WORK INSTRUCTIONS
All of the data that follows should be retyped exactly, please, except the pictures.

[Saved entries]
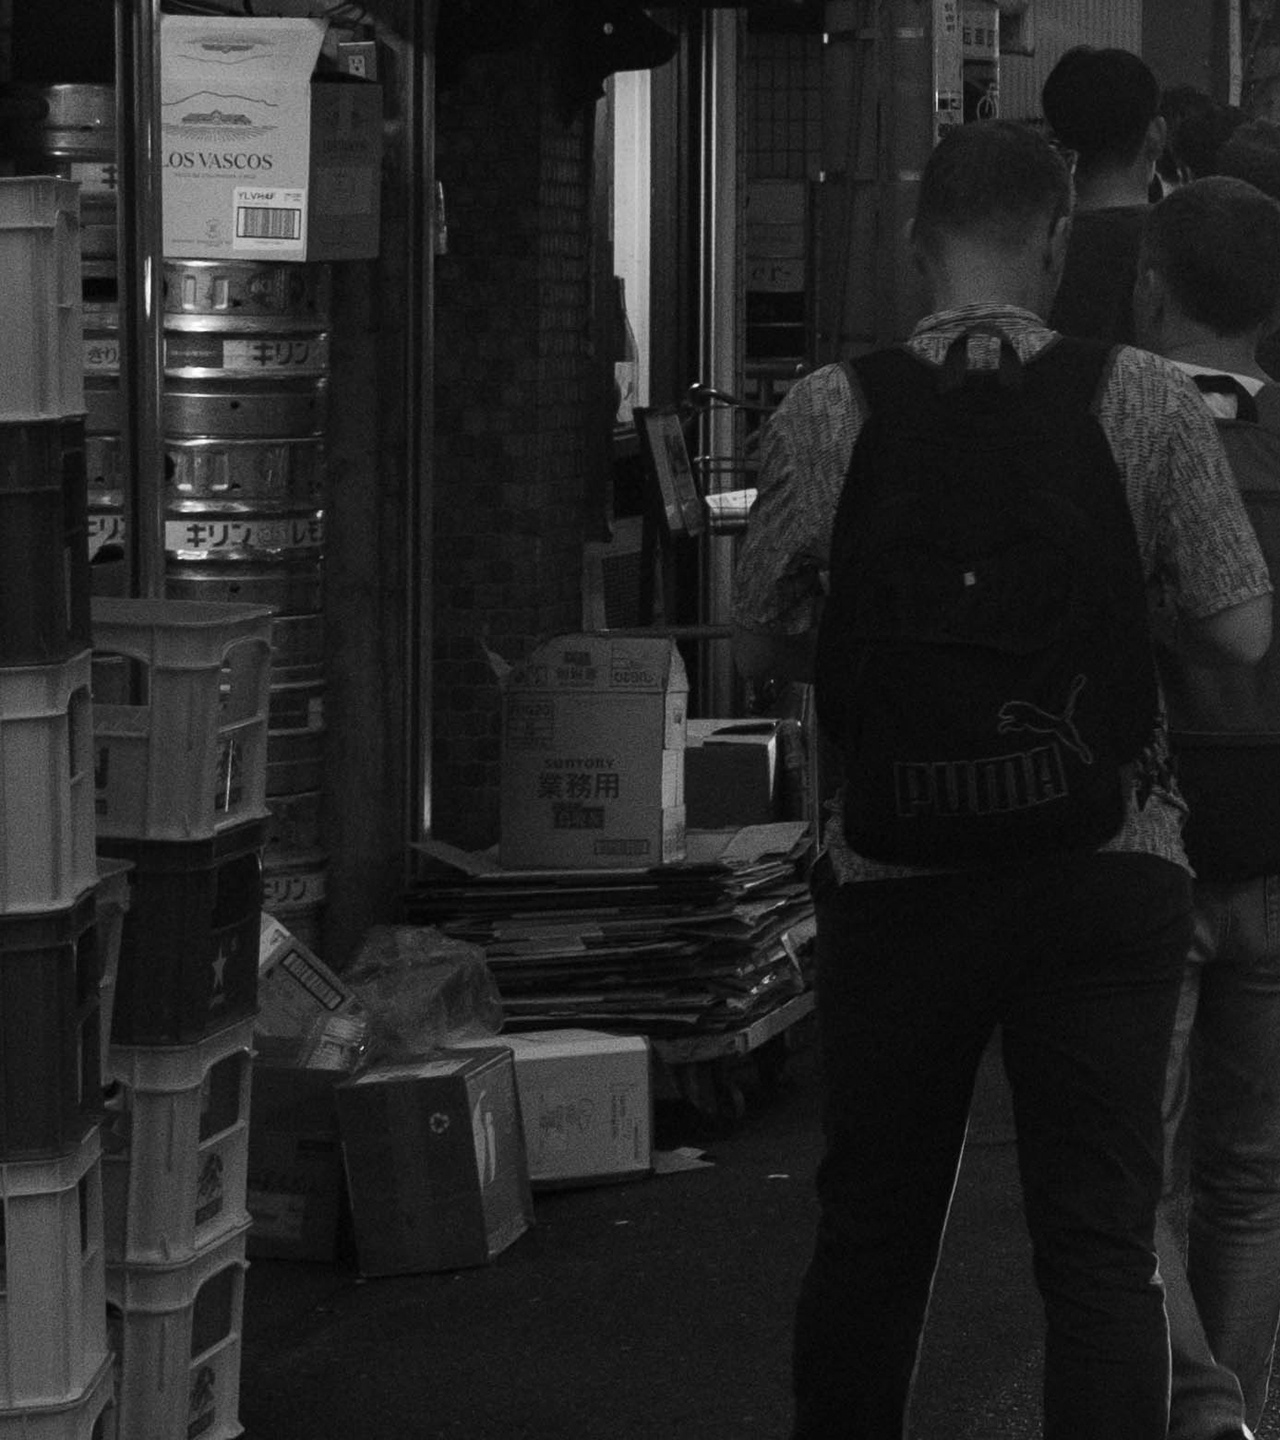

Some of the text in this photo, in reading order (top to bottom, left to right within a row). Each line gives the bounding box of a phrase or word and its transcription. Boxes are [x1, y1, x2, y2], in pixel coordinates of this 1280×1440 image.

[198, 152, 274, 171] VASCOS
[253, 342, 310, 366] キリン
[187, 524, 251, 548] キリン
[544, 758, 615, 770] SUNTORY
[538, 772, 620, 800] 業務用
[894, 742, 1069, 817] PUMA
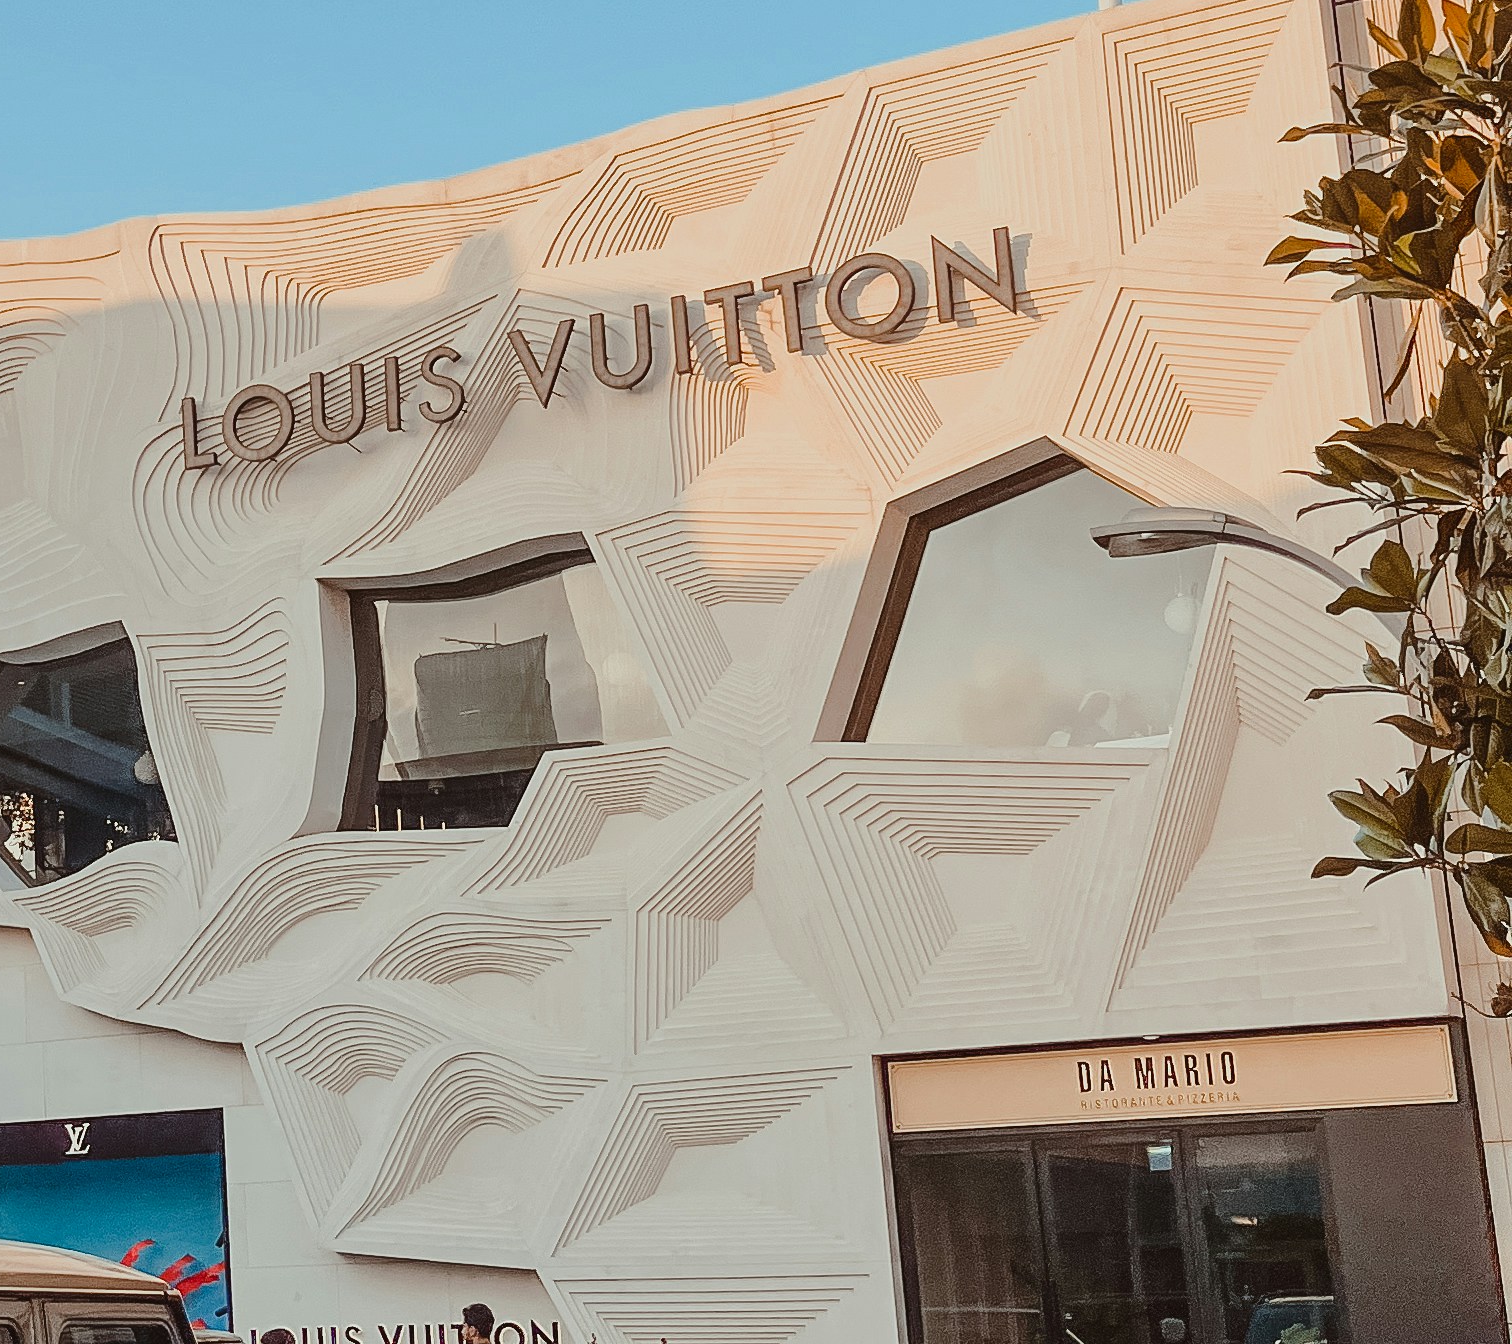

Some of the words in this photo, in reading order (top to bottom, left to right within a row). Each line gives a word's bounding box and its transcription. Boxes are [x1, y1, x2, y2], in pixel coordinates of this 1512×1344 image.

ANSWER AREA
Some of the text in this photo, in reading order (top to bottom, left to right within a row). Each line gives the bounding box of a phrase or word and its transcription. Boxes are [x1, y1, x2, y2], in pixel coordinates of this 1280×1440 image.

[198, 152, 274, 171] VASCOS
[253, 342, 310, 366] キリン
[187, 524, 251, 548] キリン
[544, 758, 615, 770] SUNTORY
[538, 772, 620, 800] 業務用
[894, 742, 1069, 817] PUMA

Some of the words in this photo, in reading order (top to bottom, left to right within a row). Each line gives a word's bounding box and its transcription. Boxes are [x1, y1, x2, y2], in pixel coordinates of this 1512×1344 image.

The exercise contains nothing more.